Ponte del Risorgimento (or briefly Ponte Risorgimento) is a bridge that links Piazzale delle Belle Arti to Piazza Monte Grappa in Rome (Italy), in the Flaminio and Della Vittoria quarters.

== History and description ==
The bridge links the area of Lungotevere delle Armi to Piazzale delle Belle Arti.

The works for the building began in 1909 and were completed two years later.
The bridge was designed and built by Giovanni Antonio Porcheddu, with the cooperation of the engineers Giaj and Parvopassu, on the occasion of the exhibition for celebrating the 50th anniversary of Italian unification. It is the first bridge in Rome made in reinforced concrete, since its creator, at that time, was the only Italian dealer of the patent of the Belgian François Hennebique.

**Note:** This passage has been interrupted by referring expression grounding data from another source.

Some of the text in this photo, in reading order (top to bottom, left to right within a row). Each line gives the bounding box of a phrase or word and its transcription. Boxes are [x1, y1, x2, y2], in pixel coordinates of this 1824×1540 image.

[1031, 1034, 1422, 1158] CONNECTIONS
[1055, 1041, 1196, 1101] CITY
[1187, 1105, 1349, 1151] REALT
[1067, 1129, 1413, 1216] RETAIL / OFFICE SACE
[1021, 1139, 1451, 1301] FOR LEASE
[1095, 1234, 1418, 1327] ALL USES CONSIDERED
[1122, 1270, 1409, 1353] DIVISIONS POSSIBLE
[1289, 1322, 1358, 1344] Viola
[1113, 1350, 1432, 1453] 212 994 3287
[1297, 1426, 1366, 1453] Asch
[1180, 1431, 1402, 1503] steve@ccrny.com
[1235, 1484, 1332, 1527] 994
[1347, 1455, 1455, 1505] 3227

The day of the inauguration (April 17, 1911), the spectators doubted that the structure, after the removal of the supporting scaffoldings, wouldn't have stood up; on the contrary, Porcheddu was so sure about the effectiveness and reliability of the new technique that he wanted to attend the demolition of the scaffolding on a little boat just below the arch of the bridge, together with his two youngest kids, Giuseppe and Ambrogia. During the ceremony, King Victor Emmanuel III offered Porcheddu the epithet "King of reinforced concrete".

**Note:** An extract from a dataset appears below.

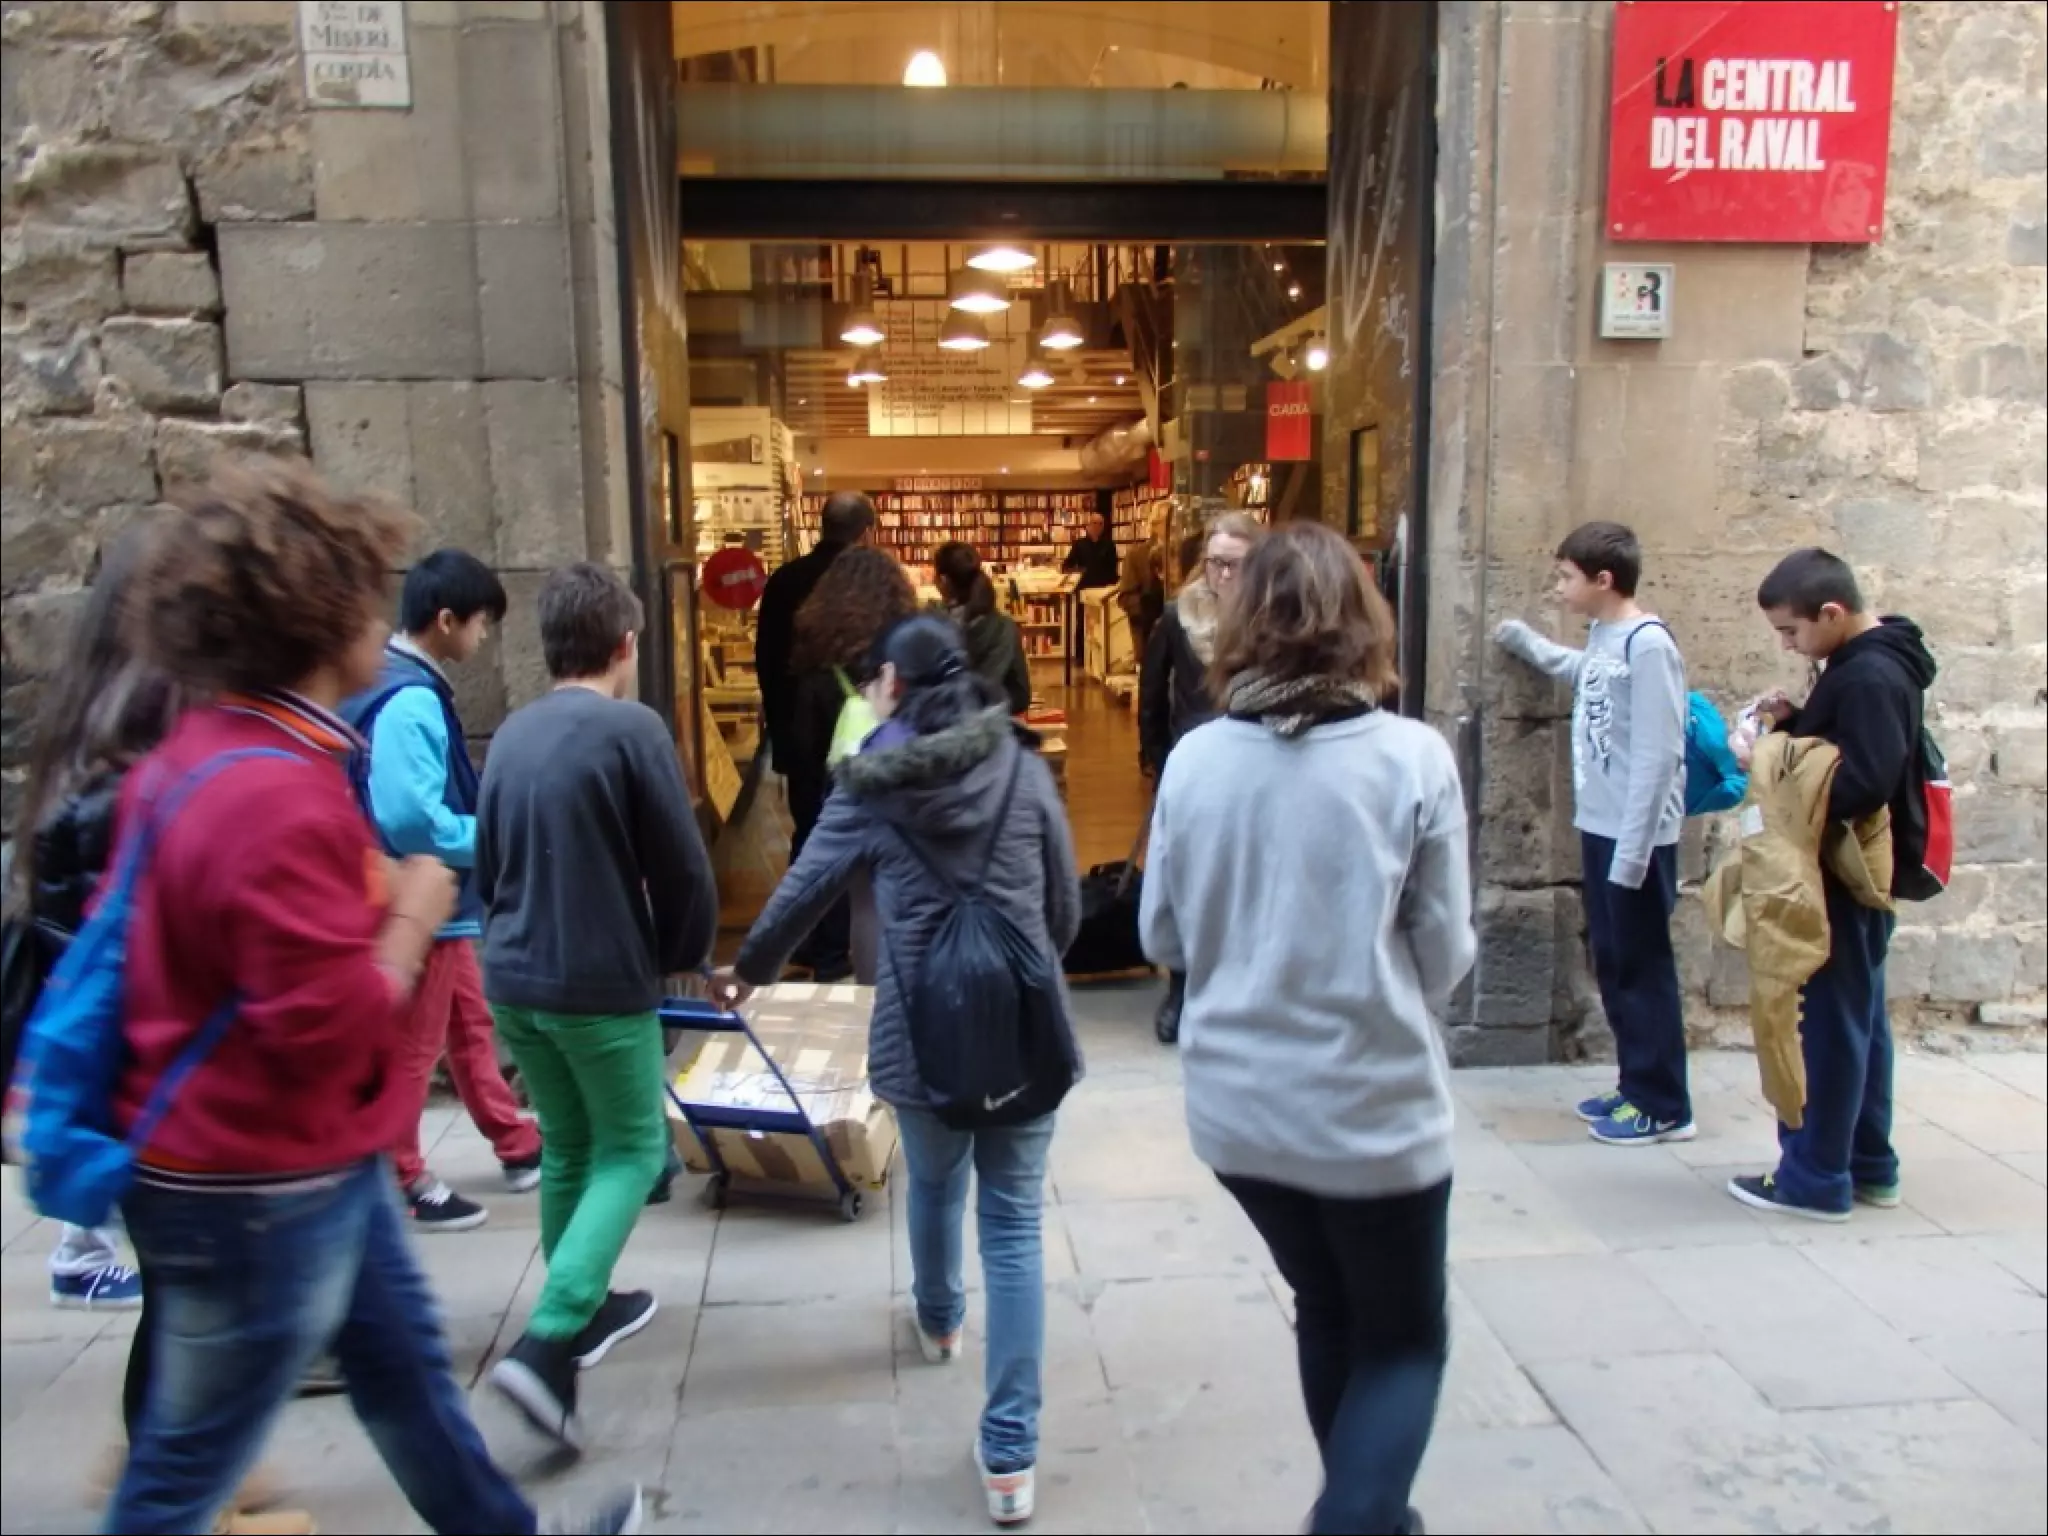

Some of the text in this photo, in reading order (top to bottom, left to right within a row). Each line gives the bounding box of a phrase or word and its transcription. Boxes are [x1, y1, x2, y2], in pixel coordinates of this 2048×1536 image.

[1655, 57, 1857, 112] LA CENTRAL
[1650, 115, 1826, 171] DEL RAVAL

In the middle of the bridge, on both bulwarks, are two inscriptions:
INAVGVRATO L'11 MAGGIO DEL 1911
NEL CINQVANTENARIO DELLA PROCLAMAZIONE
DI ROMA CAPITALE D'ITALIA
DALL'AMMINISTRAZIONE POPOLARE CITTADINA
AL RISORGIMENTO ITALIANO
(Inaugurated on May 11, 1911
in the fiftieth anniversary of the proclamation
of Rome as Capital of Italy
by the popular city administration
in memory of Italian Risorgimento)
on one side, and
PONTE IN CEMENTO ARMATO
AD VNICA ARCATA DI 100 M. DI CORDA
CON FRECCIA DI 10 M.
COSTRVITO
CON SISTEMA HENNEBIQVE
DALLA SOCIETA PORCHEDDV ING.G.A
(Reinforced concrete bridge
with a 100-meters-chord single arch
and a 10-meters arch rise
built
with the Hennebique system
by the company Porcheddu Ing. G.A)
on the other.

== Bibliography ==
- Ravaglioli, Armando. "Roma anno 2750 ab Urbe condita. Storia, monumenti, personaggi, prospettive"
- Rendina, Claudio. "Enciclopedia di Roma"
- Dolara, Ezio. "Enciclopedia di Roma"
- Ezio Dolara (2011). "Il Ponte del Risorgimento a Roma. Storia, cronaca, genialità, intuizione"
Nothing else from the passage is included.